Upon RedZone earning its 51% interest in the NWL, a joint venture shall be formed between RedZone and LRH. Should LRH’s interest be diluted below 10%, its interest shall convert to a 2% gross proceeds royalty (the “GPR”). RedZone shall have a buy-back right for a specified period on 1% of LRH’s 2% GPR by paying LRH €1,000,000 in either (i) cash or (ii) subject to receipt of the approval of the TSX Venture Exchange or such other applicable exchange, a combination of a minimum of 10% in cash and the balance in common shares of RedZone at the applicable market price.

The option agreement remains subject to the approval of the TSX Venture Exchange.
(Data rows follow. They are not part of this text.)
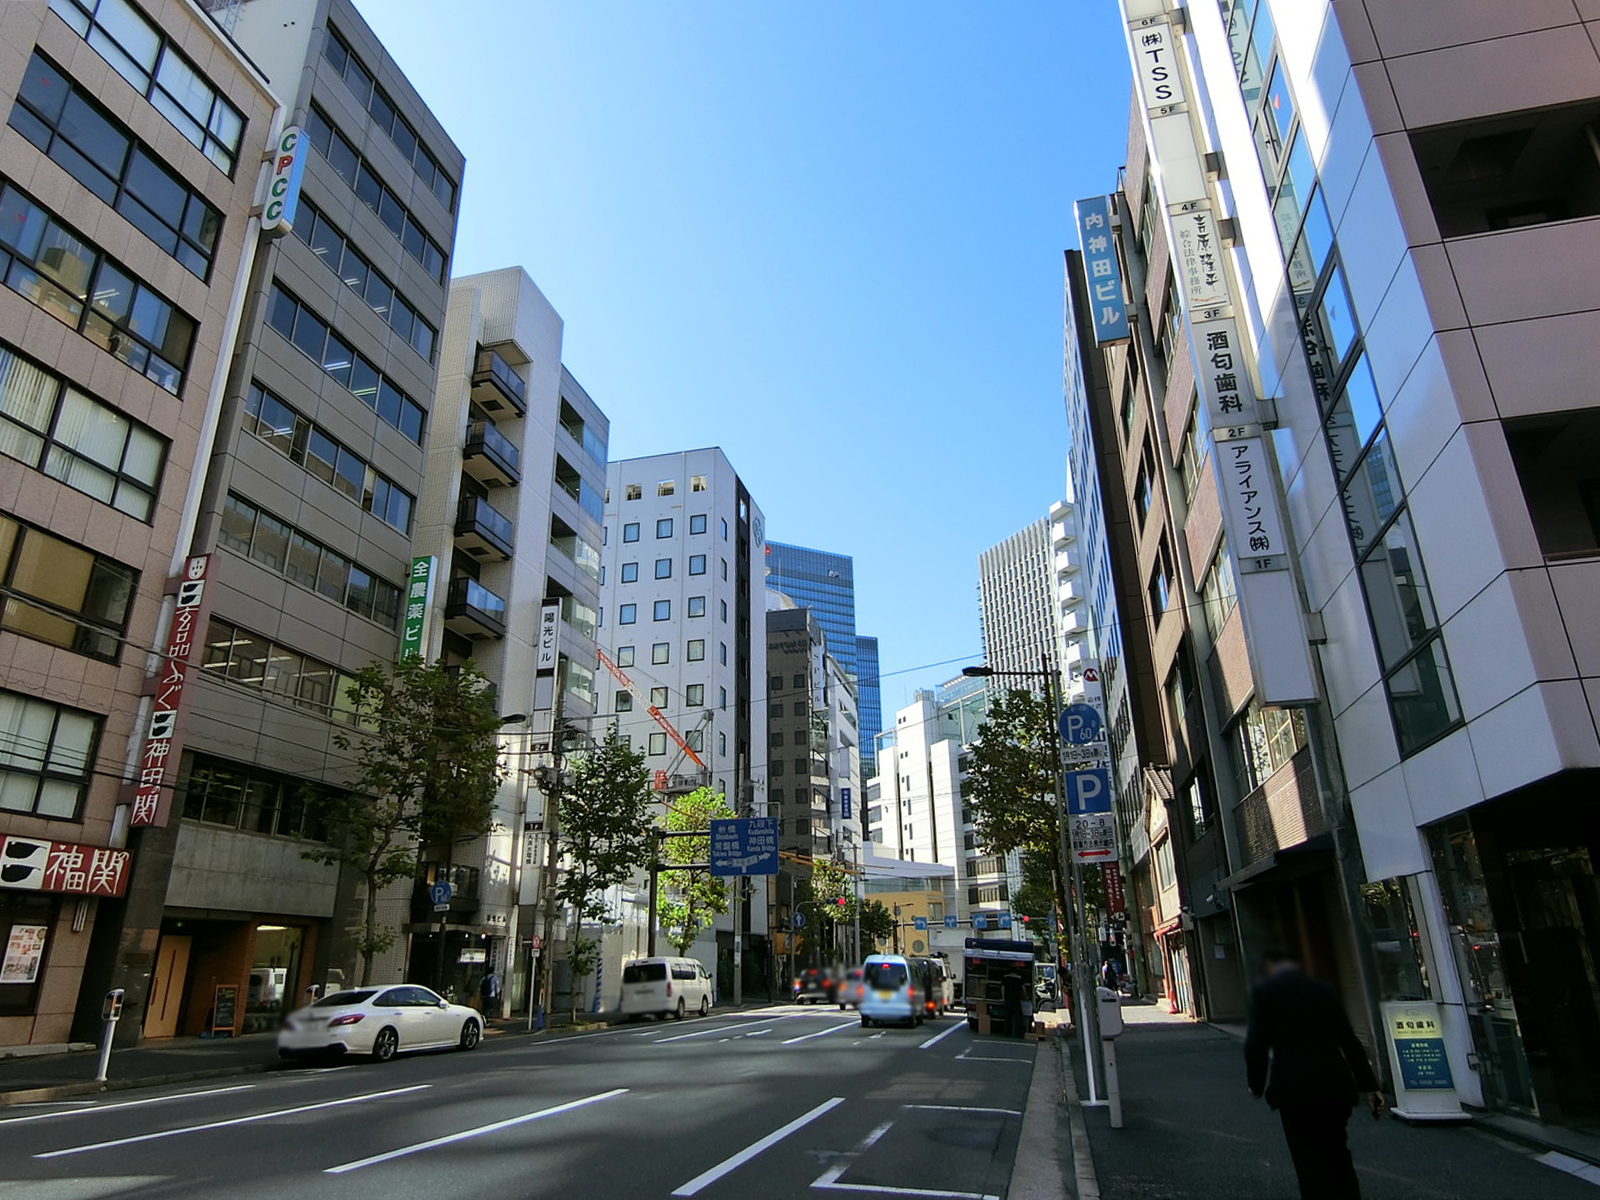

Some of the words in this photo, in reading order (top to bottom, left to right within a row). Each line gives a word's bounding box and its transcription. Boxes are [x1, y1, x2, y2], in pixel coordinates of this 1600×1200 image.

[1141, 17, 1156, 26] 6F
[1160, 105, 1175, 115] 5F
[266, 133, 297, 220] CPCC
[1181, 202, 1197, 211] 4F
[1084, 212, 1120, 325] 内神田ビル
[1203, 309, 1220, 319] 3F
[1206, 330, 1243, 414] 酒匂歯科
[1228, 427, 1246, 437] 2F
[1255, 558, 1272, 569] 1F
[541, 612, 554, 662] 陽光ビル
[1067, 714, 1084, 742] P
[1080, 727, 1092, 740] 60
[1076, 774, 1102, 811] P
[748, 819, 774, 829] 九段下
[748, 836, 774, 845] 神田橋
RedZone may extend the required time frame to complete any earn in period for up to an additional 24 months, by making a cash payment to LRH of €250,000 per 12 months and maintaining a minimum expenditure of €250,000 per 12 months.
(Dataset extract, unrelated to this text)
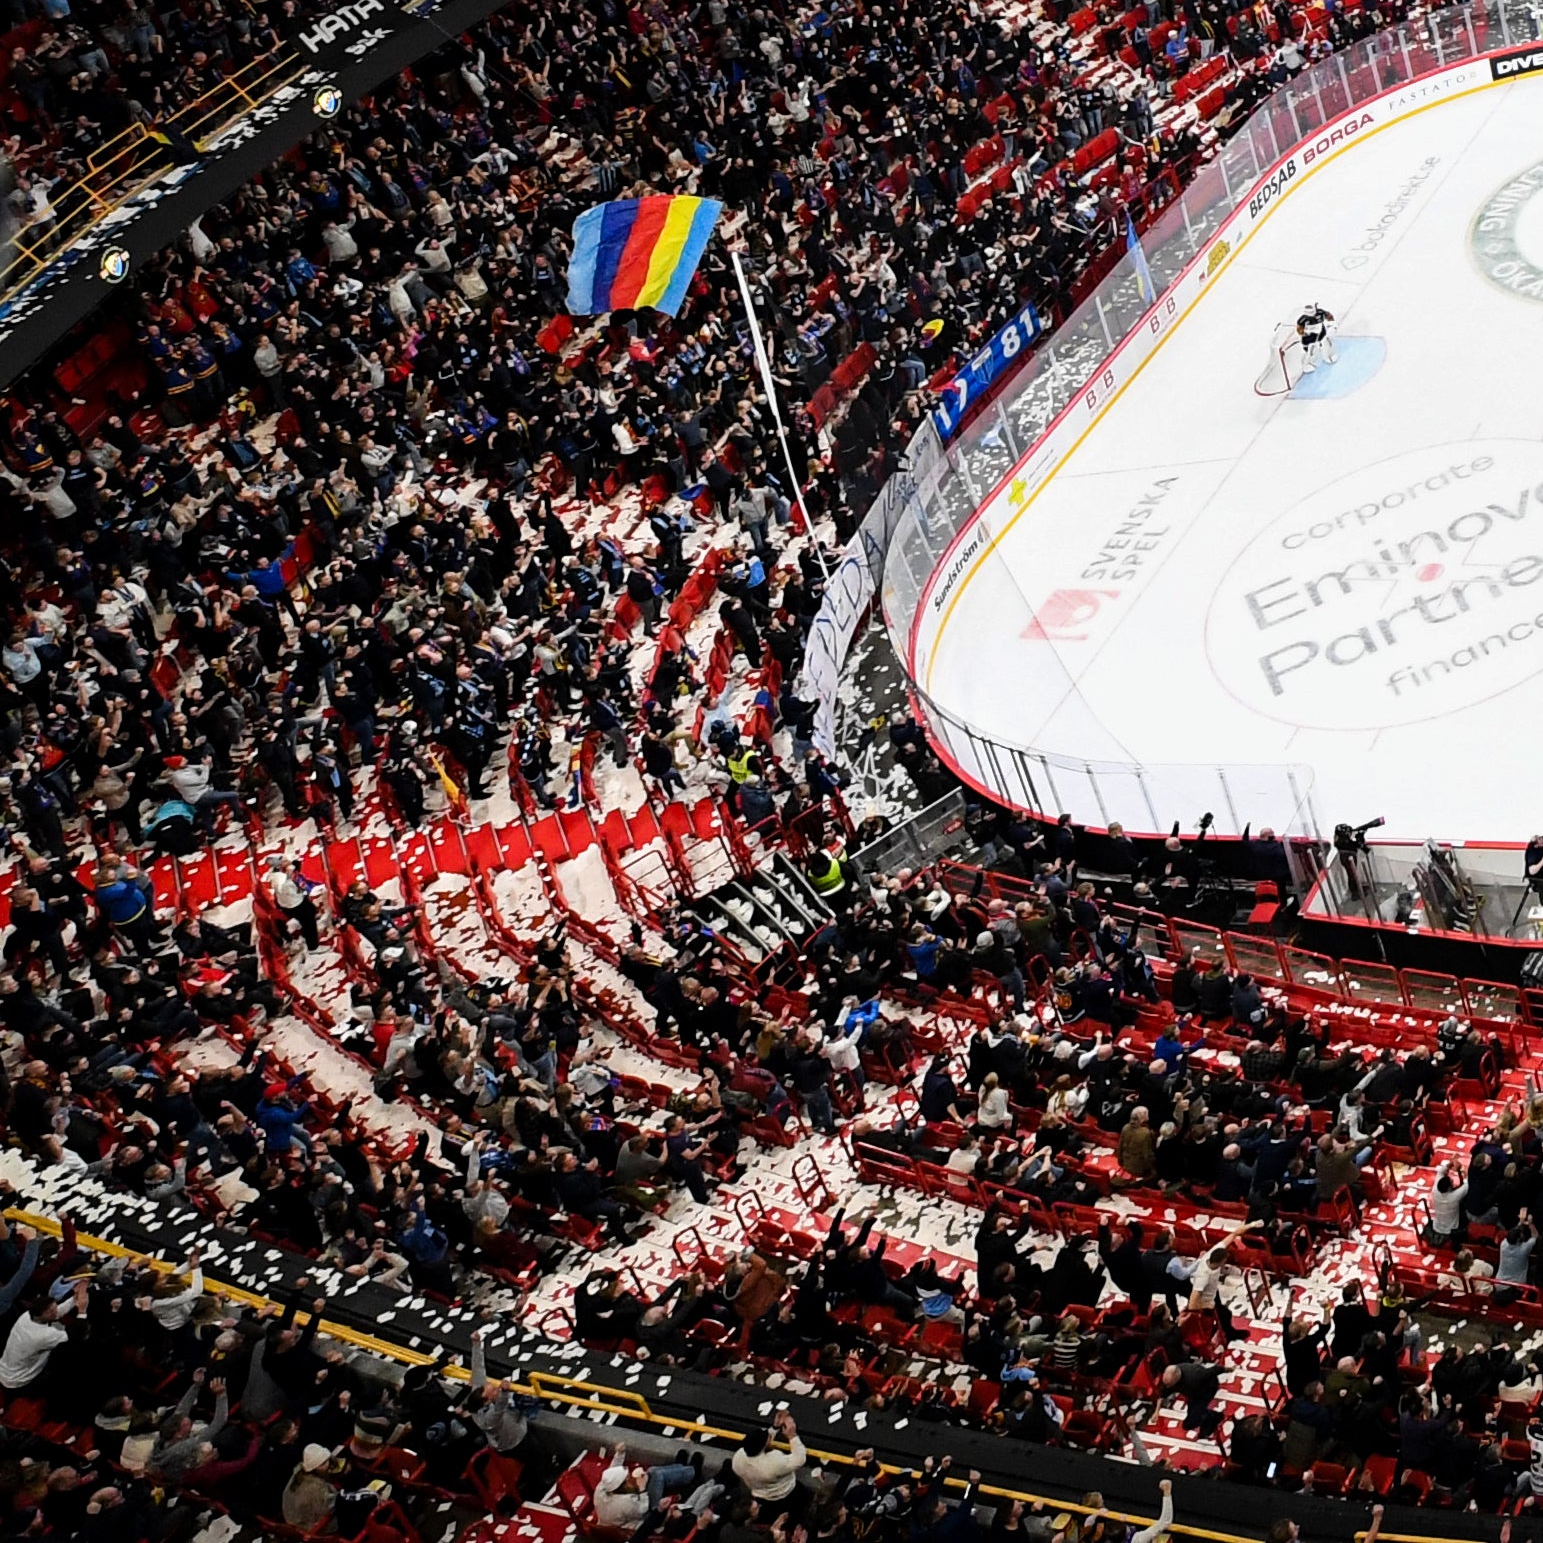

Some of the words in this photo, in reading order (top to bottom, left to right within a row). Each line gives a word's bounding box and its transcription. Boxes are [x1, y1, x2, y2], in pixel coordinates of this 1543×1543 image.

Michael Murphy, President and CEO, says, "This project fits well with our strategy of acquiring early exploration properties for metals that make up the battery supply chain and we have structured the transaction on terms that mean the cash component is modest until we are more certain of the property’s economic viability."

All scientific and technical information in this press release has been prepared under the supervision of Cameron Bell, P. Geo. a consultant and Director of RedZone, and a “qualified person” within the meaning of National Instrument 43-101.

About RedZone Resources

RedZone Resources is a mineral exploration company with a focus on metals that make up and support the rapid evolution to battery power. RedZone’s common shares are listed on the TSX-V: REZ, on the Frankfurt exchange: REZ, and on the OTC: REZZF. RedZone currently has three projects 1) Fortner-Boyd Lithium project in Arizona, 2) North-West Leinster Lithium property in Ireland and 3) a 55% stake in the Peru based Lara copper property, which has over 10,000 meters of drilling. More information about the Company is available on its issuer profile on SEDAR at www.sedar.com or at www.RedZoneResources.ca. For further information please contact:

Michael Murphy, President and Chief Executive Officer
E: michael.murphy@redzoneresources.ca

Neither the TSX Venture Exchange nor its Regulation Services Provider (as that term is defined in the policies of the TSX Venture Exchange) accepts responsibility for the adequacy and/or accuracy of this release.

Forward Looking Statements

Certain information set forth in this news release may contain forward-looking statements that involve substantial known and unknown risks and uncertainties. These forward-looking statements are subject to numerous risks and uncertainties, certain of which are beyond the control of the Company, including, but not limited to the potential for gold and/or lithium at any of the Company’s properties, the prospective nature of any claims comprising the Company’s property interests, the impact of general economic conditions, industry conditions, dependence upon regulatory approvals, uncertainty of sample results, timing and results of future exploration, and the availability of financing. Readers are cautioned that the assumptions used in the preparation of such information, although considered reasonable at the time of preparation, may prove to be imprecise and, as such, undue reliance should not be placed on forward-looking statements.